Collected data
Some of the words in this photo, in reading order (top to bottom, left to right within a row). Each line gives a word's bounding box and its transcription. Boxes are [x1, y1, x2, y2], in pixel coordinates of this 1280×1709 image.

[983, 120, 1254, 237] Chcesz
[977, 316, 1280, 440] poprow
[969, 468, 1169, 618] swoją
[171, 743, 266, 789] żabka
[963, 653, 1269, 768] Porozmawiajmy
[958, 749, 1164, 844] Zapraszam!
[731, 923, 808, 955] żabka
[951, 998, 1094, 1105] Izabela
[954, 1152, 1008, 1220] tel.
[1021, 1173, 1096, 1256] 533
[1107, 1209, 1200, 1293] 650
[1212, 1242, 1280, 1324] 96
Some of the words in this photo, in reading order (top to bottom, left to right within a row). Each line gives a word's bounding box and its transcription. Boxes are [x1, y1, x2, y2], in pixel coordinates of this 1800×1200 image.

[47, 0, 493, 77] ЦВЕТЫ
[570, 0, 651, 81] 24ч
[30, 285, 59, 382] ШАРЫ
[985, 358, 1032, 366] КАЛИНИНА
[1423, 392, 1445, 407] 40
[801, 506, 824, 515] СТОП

* _To do_
Word for word, restate all of the entries.

* _Worked solution_
Some of the words in this photo, in reading order (top to bottom, left to right within a row). Each line gives a word's bounding box and its transcription. Boxes are [x1, y1, x2, y2], in pixel coordinates of this 1280×1709 image.

[983, 120, 1254, 237] Chcesz
[977, 316, 1280, 440] poprow
[969, 468, 1169, 618] swoją
[171, 743, 266, 789] żabka
[963, 653, 1269, 768] Porozmawiajmy
[958, 749, 1164, 844] Zapraszam!
[731, 923, 808, 955] żabka
[951, 998, 1094, 1105] Izabela
[954, 1152, 1008, 1220] tel.
[1021, 1173, 1096, 1256] 533
[1107, 1209, 1200, 1293] 650
[1212, 1242, 1280, 1324] 96
Some of the words in this photo, in reading order (top to bottom, left to right within a row). Each line gives a word's bounding box and its transcription. Boxes are [x1, y1, x2, y2], in pixel coordinates of this 1800×1200 image.

[47, 0, 493, 77] ЦВЕТЫ
[570, 0, 651, 81] 24ч
[30, 285, 59, 382] ШАРЫ
[985, 358, 1032, 366] КАЛИНИНА
[1423, 392, 1445, 407] 40
[801, 506, 824, 515] СТОП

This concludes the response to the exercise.